Wineka column: Salisbury native Katie Garner an early starter on TV

Published 12:00 am Saturday, March 24, 2012

CHARLOTTE — There’s no way around it: Katie Garner talks fast.
It comes in handy this particular morning, and every morning, as the Salisbury native delivers traffic reports on WBTV.
She has 30 seconds or less to touch her maps, pinpoint where the major accidents are, describe how bad the backups could be and offer alternate routes.
Garner delivers the information like a machine gun before the camera bounces back to Al Conklin for a weather update.
Even though she wakes up at 2 a.m. weekdays and arrives at the station between 3:30 and 4 for this part-time job, the 23-year-old Garner couldn’t be happier.
She knows it’s all about opportunity, face-time and getting better. She loves the veteran members of the morning news show, which just received an Emmy, and her co-workers seem to enjoy the enthusiasm Garner brings to the set.
Off camera, when co-anchor John Carter says Garner brings no personality, laughter or fun to her job, you know he’s kidding.

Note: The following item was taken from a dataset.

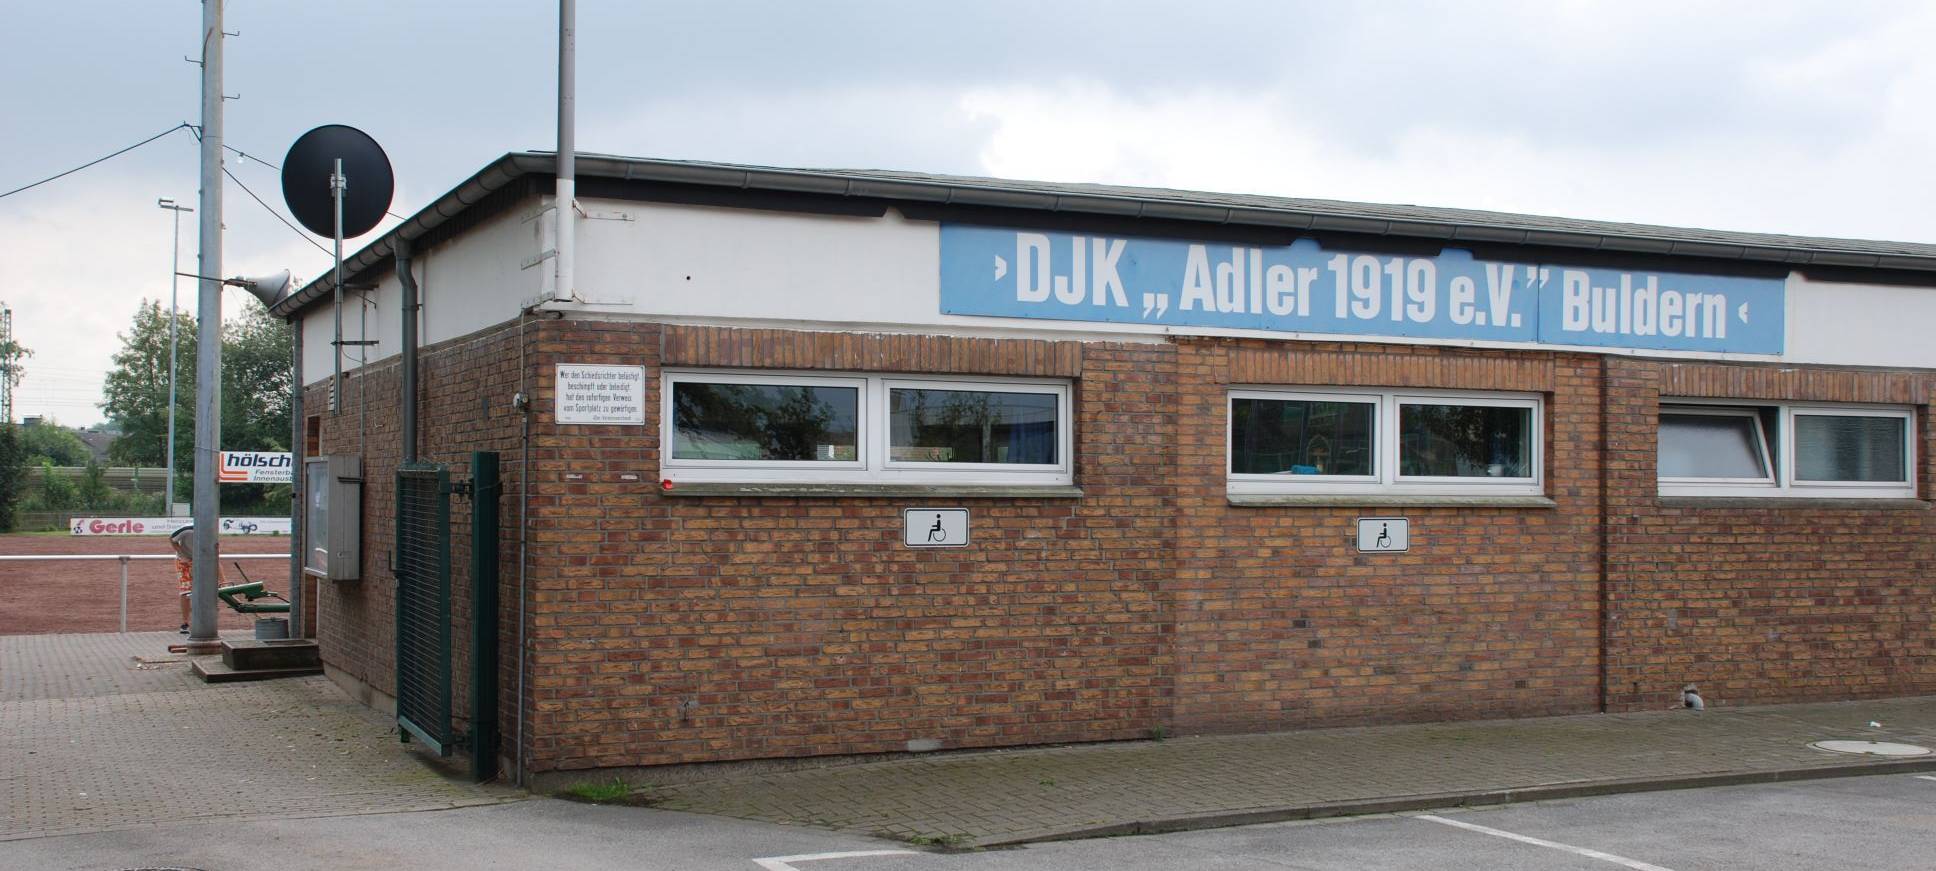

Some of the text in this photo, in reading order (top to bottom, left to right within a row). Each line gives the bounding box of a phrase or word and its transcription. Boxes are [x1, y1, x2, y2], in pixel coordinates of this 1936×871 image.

And co-anchor Christine Nelson quickly compliments Garner on the pacing she displayed in her latest update.
“She’s getting it, she’s getting it,” Nelson says.
A lyric from a Barenaked Ladies song may put it best:
“What’s so maybe about Katie?”
Good question.
Survey friends, family and co-workers, and they predict Katie Garner will be doing something in the future that involves talking.
It could be acting. It could be in television news. Heck, maybe she will be a talk-show host.
The consensus about Garner: You probably haven’t seen the last of her. By a long shot.
“I think in five to 10 years she will either be on air in news or entertainment, or she will be married to Prince Harry,” says David Whisenant, a veteran reporter for WBTV.
Here’s a young woman who jumps at every chance to move her career forward, whatever that career might turn out to be.
Witness the nine internships, from New York to Raleigh. Read her blog, which reveals she has collected more than 50 books on manners and etiquette.
See her listed on the Internet Movie Database, which only includes names of credited actors or crew members.
Have her tell you about the advice she received from Regis Philbin and Kelly Ripa or “Good Morning, America” weatherman Sam Champion.
Champion told her to get out of public relations and focus on news — because she had the look.
The next thing you know, Garner is describing how wonderful actress Claire Danes is and how she loved seeing a play by Danes’ husband in New York.
Later this spring, Garner will be starting her second season as Danes’ stand-in/double on the Showtime series “Homeland.” The episodes are shot in Charlotte.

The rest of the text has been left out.